En medio de la discusión por el recorte del gasto nacional y con el Presupuesto 2026 en el centro de la agenda política, Corrientes volvió a impulsar un reclamo de fondo vinculado al financiamiento previsional. Según el gobernador Juan Pablo Valdés, la Nación mantiene una deuda estimada en $142.000 millones por su obligación de asistir el déficit del Instituto de Previsión Social (IPS), encargado de pagar jubilaciones y pensiones de la administración pública provincial. El mandatario aclaró que ese cálculo no incluye lo correspondiente a 2025, lo que podría elevar aún más el monto total.
Desde el Gobierno provincial advierten que la falta de transferencias impacta directamente sobre el equilibrio fiscal y limita la capacidad de inversión. Ante ese escenario, el Tesoro correntino debe cubrir con recursos propios el déficit previsional, lo que tensiona las cuentas locales. El caso, además, ya se encuentra judicializado desde hace cerca de dos años ante la Corte Suprema de Justicia de la Nación, a partir de una demanda iniciada durante la gestión del entonces gobernador Gustavo Valdés, aunque hasta el momento no hubo resolución.

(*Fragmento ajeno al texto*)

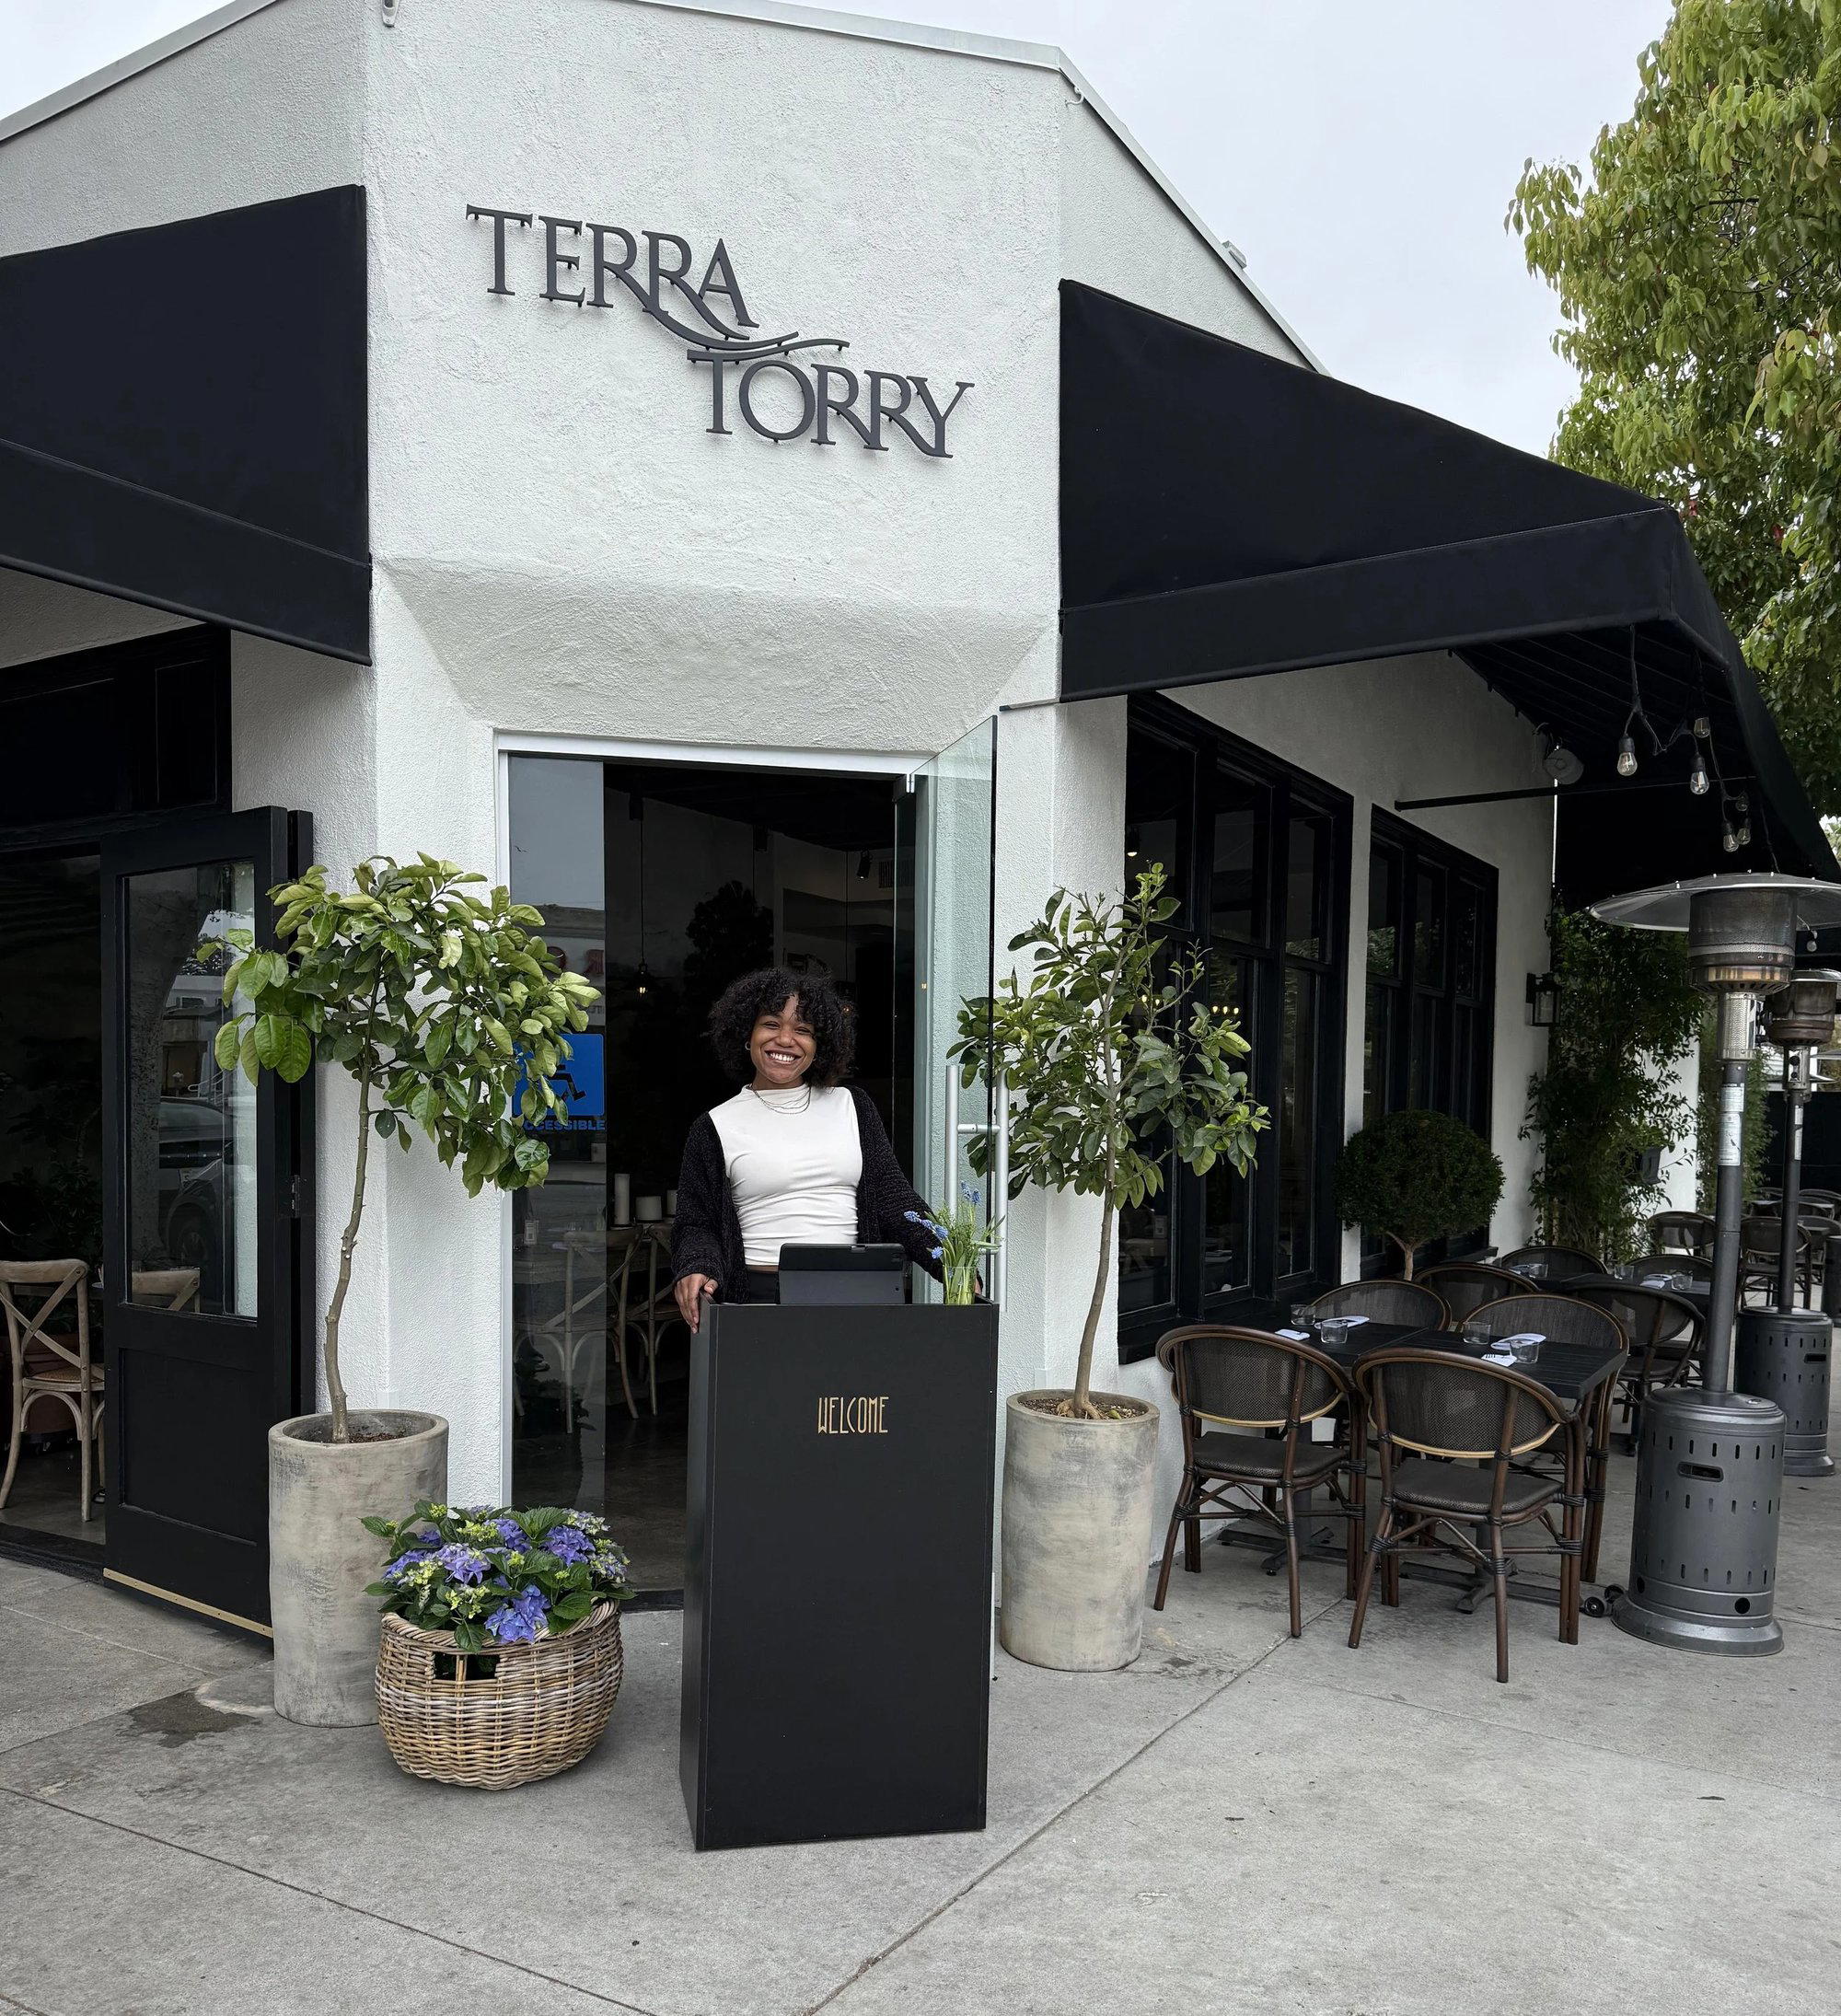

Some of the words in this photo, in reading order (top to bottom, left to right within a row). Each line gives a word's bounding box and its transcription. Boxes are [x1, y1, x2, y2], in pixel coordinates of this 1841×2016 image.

El reclamo de Corrientes se inscribe en una problemática más amplia que alcanza a al menos trece provincias que en la década del 90 optaron por conservar sus cajas jubilatorias. Con el cambio de administración nacional, esos distritos dejaron de percibir las transferencias de la Anses, lo que provocó la acumulación de deuda y obligó a las provincias a cubrir el rojo previsional o a aplicar ajustes internos para garantizar el pago de haberes.

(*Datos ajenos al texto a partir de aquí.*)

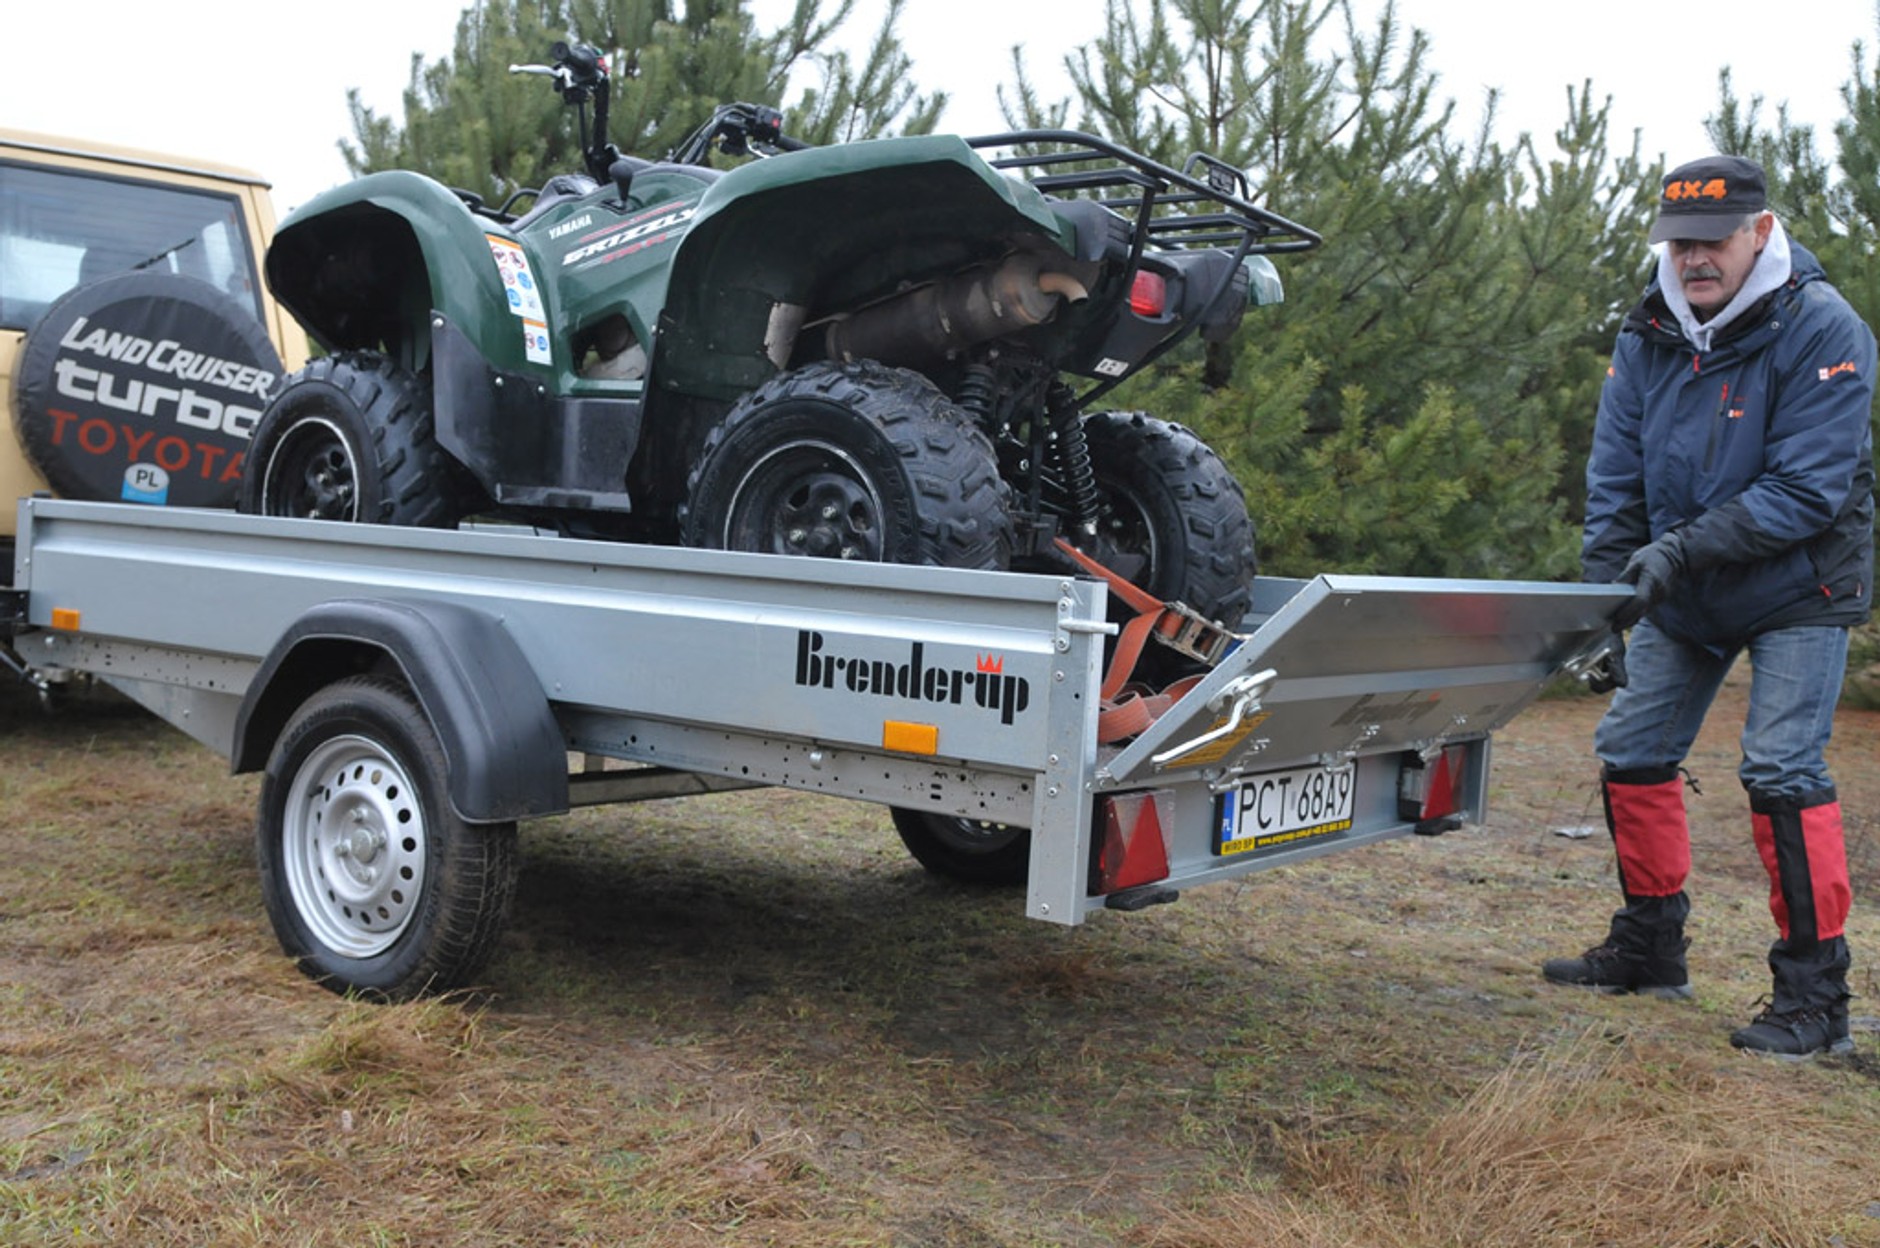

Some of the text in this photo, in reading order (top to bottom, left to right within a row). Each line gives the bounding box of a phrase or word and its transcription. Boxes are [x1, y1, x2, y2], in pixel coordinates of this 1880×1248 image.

[549, 214, 592, 240] YAMAHA
[60, 317, 275, 400] LAND CRUISER
[135, 469, 159, 489] PL
[795, 629, 1030, 726] Brenderup
[1237, 776, 1292, 835] PCT
[1298, 771, 1350, 823] 68A9

Valdés señaló que el núcleo del conflicto está en el desfasaje financiero del IPS y anticipó una negociación compleja con la Nación, tanto en el plano técnico como político. El objetivo inmediato es restablecer el flujo de fondos para asegurar el pago regular a los jubilados provinciales y, en una segunda etapa, discutir el reconocimiento de la deuda acumulada. Si bien el gobernador expresó coincidencias con la necesidad de equilibrio fiscal, remarcó que ese objetivo no debería implicar trasladar costos a las provincias ni comprometer la sustentabilidad de los sistemas previsionales locales.